Sunday, March 06, 2005

Understanding FIRE Sparks Smart Choices (My June 1999 REG Column)

A record-breaking fire season is entirely possible this year, according to many local experts. Already several blazes in the bosques near Albuquerque have threatened large sections of urban sprawl. In May an inferno near Ruidoso forced some families to evacuate their homes.
In a land where fire is a given, the burning question for property owners should be: how can I protect myself, my family and my investment?
The best way to prevent damage to property is to not build in fire’s probable path. Heat rises, so ridgetops are risky. Trees with high sap content burn more furiously than other types of vegetation, so dense conifer stands can be dangerous. Slopes that face the southwest are more fire-prone than those that face north and east.
Most people looking for homes and land find it difficult to make fire damage prevention a high priority. More immediate enticements such as “panoramic views” and “a wooded retreat” usually prevail during the purchasing process. Once you have your home, there are several techniques that can minimize forest-fire damage.
Ben Haggard, a permaculture consultant with Regenesis, a locally based ecological design and development company, has had first-hand experience with designing a successful fire prevention strategy. In the early 1990s Haggard was part of a team that began to reduce fire danger around the main buildings at the Lama Foundation in Lama, N.M. One day during the summer of 1996 his strategy was put to the test during the Hondo Fire.
The strategy prevailed because of three strategies: re-routing the road along Lama’s fire sector such that it became a double fire break; creating moist microclimates in on-contour swales; and concentrating irrigated plantings around buildings. As Haggard predicted, buildings situated outside the focus of the design were almost entirely destroyed, but buildings being protected by the implemented design survived the catastrophe completely unscathed.
Now, even though the forest will take decades to recover to the point that such a disaster could happen again, new construction at Lama is always sited properly. More fire-retardant features are being situated in the fire sector. And runoff water from roofs is consistently put to use with the threat of fire in mind.

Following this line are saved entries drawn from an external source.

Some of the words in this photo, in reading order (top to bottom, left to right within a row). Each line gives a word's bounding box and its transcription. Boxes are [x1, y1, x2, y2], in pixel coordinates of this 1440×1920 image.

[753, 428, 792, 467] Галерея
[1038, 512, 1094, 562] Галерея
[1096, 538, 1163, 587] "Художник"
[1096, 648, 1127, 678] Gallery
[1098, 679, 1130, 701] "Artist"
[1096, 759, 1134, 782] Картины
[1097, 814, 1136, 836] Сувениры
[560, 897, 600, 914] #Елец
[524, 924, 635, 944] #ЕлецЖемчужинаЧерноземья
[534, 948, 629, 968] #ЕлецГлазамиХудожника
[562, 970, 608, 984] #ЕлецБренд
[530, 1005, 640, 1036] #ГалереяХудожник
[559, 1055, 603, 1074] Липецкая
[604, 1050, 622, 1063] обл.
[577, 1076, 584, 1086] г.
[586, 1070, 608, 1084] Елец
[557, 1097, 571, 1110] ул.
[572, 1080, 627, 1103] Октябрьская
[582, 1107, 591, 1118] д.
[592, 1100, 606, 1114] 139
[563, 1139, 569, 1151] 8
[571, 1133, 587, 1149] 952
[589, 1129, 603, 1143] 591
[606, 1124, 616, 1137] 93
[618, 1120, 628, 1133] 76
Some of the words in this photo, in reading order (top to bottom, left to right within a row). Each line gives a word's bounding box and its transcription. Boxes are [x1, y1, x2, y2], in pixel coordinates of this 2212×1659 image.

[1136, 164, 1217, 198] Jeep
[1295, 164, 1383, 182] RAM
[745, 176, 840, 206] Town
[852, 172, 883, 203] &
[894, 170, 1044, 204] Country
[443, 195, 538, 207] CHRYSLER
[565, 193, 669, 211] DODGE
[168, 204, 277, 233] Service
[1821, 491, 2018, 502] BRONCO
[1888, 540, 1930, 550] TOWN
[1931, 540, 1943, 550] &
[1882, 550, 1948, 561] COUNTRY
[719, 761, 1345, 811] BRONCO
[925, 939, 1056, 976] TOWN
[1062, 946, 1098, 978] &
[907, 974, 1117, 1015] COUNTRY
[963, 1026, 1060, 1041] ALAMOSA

Although Haggard insists that site selection is the key to fire-damage prevention, he does encourage architects, builders and homeowners to become more fire conscious by using fire retardant materials and reducing overhangs, decks and balconies.
After the Dome Fire of 1996, the Los Alamos Cooperative Extension Service came out with some helpful hints for homeowners ranging from planting vegetable gardens in the low-fuel zone to installing a permanent roof sprinkler with a readily accessible valve. One of the most obvious tips provided – Stack firewood away from the house – is unfortunately one of the least convenient.
Hopefully, this fire season will come and go with little property damage and no loss of life. But, as Haggard says, “We live in a fire-determined landscape. It requires fire for its health, because, if fires don’t come through periodically, all of the pent-up potential eventually spells catastrophe.
“The challenge is to integrate aspects of the landscape design that would be part of the design anyway, with a strategy that anticipates fire. It’s about balancing our quality of life with the need to protect our lives and our investments.”
Although we must always respect its complexity, unpredictability and awesome power, we can begin to understand the dynamics and patterns of fire. The next step is to apply our understanding to the land that we steward.